Metropolitan used the Prosci ADKAR Methodology of change management to guide leaders and teams during the change process. The five elements of these include Awareness, Desire, Knowledge, Ability and Reinforcement.

While Lyn feels that this change management journey has contributed to how the organisation has navigated the pandemic, leadership, amongst other factors, is absolutely critical. In addition to equipping leaders with the tools and skills to lead during such a difficult time, the Human Capital team started running various experiences and interventions across the organisation. These include a weekly Human Capital ‘People’ newsletter, which initially focused on mental wellness and building resilience, regular sessions in partnership with leaders across the country, and a weekly email from the CEO

“The pandemic has challenged us significantly. We lost employees and had people falling ill. It’s an emotional strain and, rightfully, it can impact productivity and engagement. It’s not rocket science. People are not machines. People must be treated as human beings,” she says.

The human capital team further partnered with mental health and wellness providers Wise and Well, who were already in place prior to the pandemic, “to set up debriefing sessions, particularly for employees dealing with loss and anxiety. The human-to-human relationship is important for us. We have spent time bringing in the right people; we need to build those relationships.”

Lyn goes on to say, “When we talk about ‘your growth matters’, we must mean it for our people to believe it. Growth is not just about climbing the corporate ladder. There is social, wellness and financial growth; it’s really multidimensional for us.”

The employee experience

The idea of “Your growth matters”' was co-created with the employees of Metropolitan. This people belief is anchored in the business’s culture, which is said to be a high performance, inclusive culture. From this people belief, Lyn says, “We then agreed that, as the human capital team, we create a magnetising employee experience. Firstly, we want to attract you to Metropolitan by creating this magnetising employee experience, and then we want to retain you through the moments that matter.

This focus on moments that matter ensured that onboarding and the learning journey could evolve when the pandemic hit. Because there was no face-to-face human interaction, Lyn and her team became laser-focused on how to look at moments that matter differently and make the onboarding very personal, even with just phone and video calls and the odd coffee chat.

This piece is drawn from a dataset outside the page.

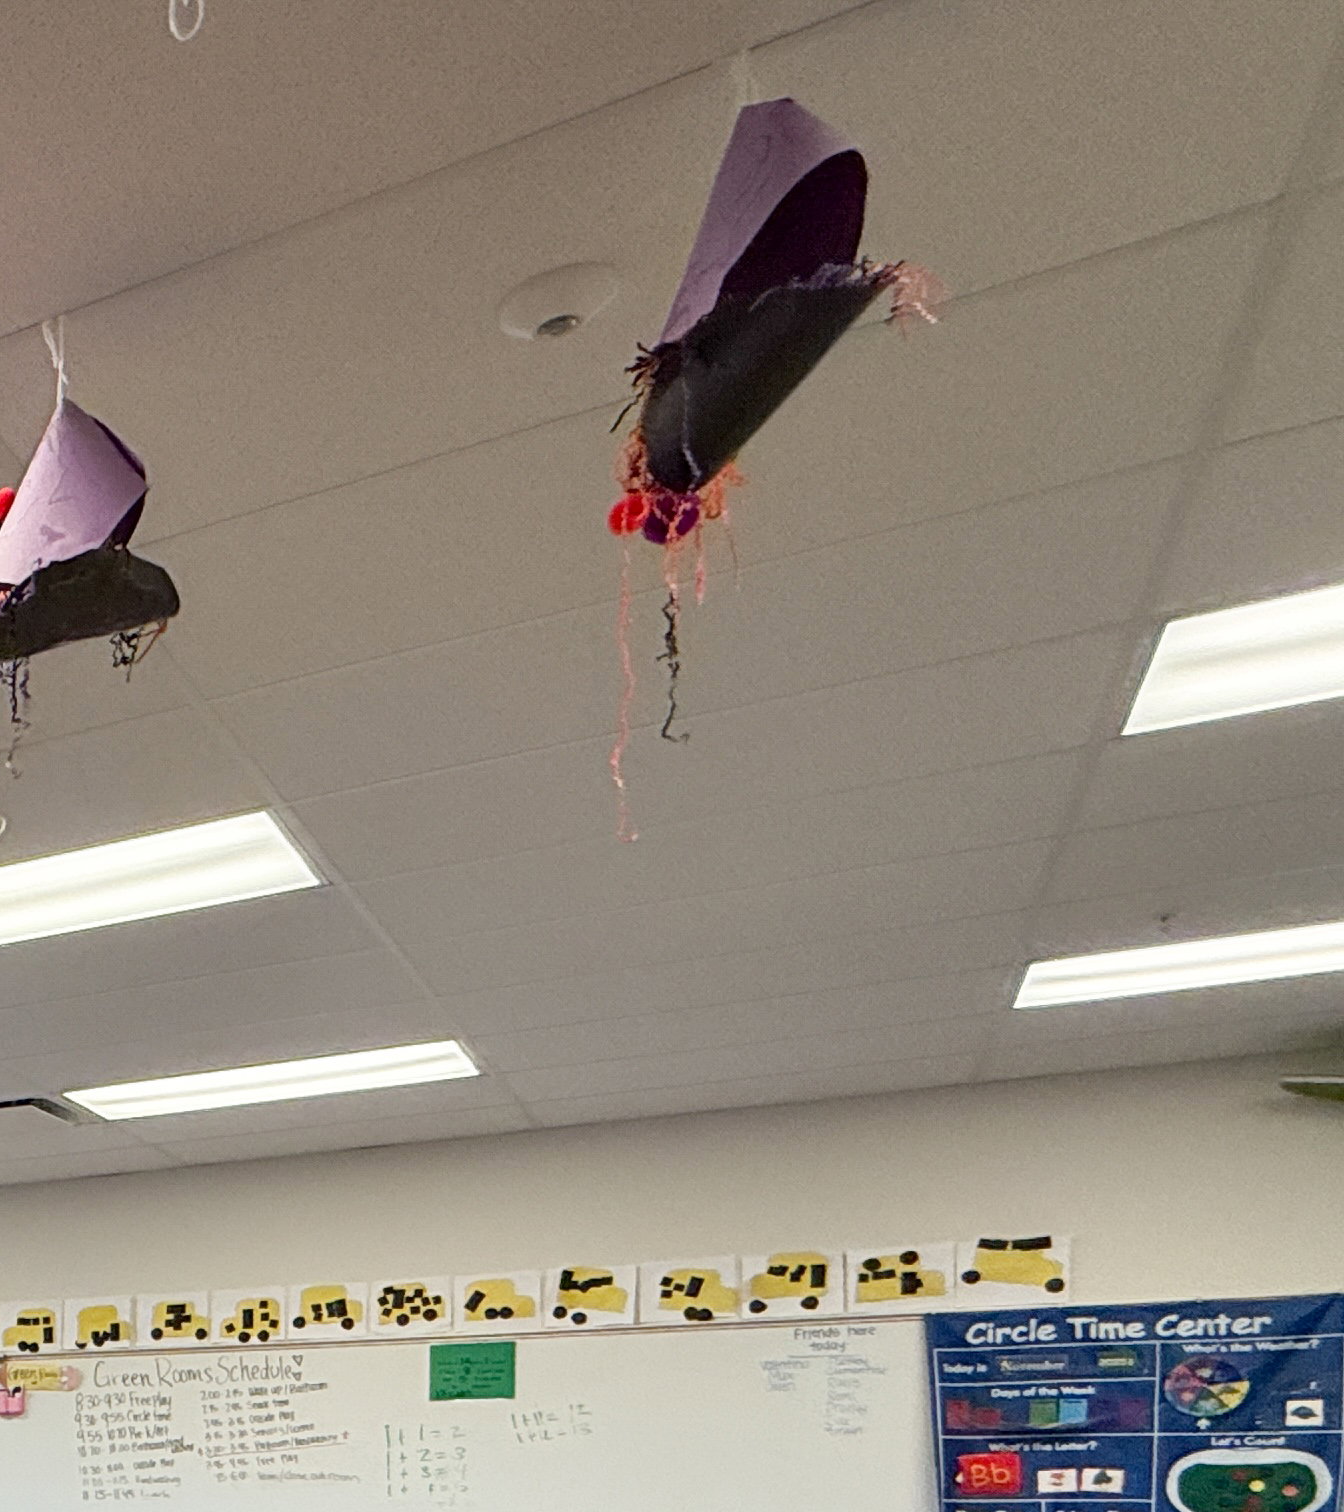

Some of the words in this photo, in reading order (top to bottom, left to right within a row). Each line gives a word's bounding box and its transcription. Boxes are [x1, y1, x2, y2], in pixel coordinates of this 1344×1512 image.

“Pre-pandemic, advisers were onboarded face-to-face over a five-day period. When the pandemic hit, it took us less than two weeks to shift our onboarding to digital and the programme now runs for 14 days,” she says. “When a comparison was done between face-to-face and virtual training over a period pre and during pandemic, it was found that the productivity of those who had been onboarded virtually had shown a significant improvement.”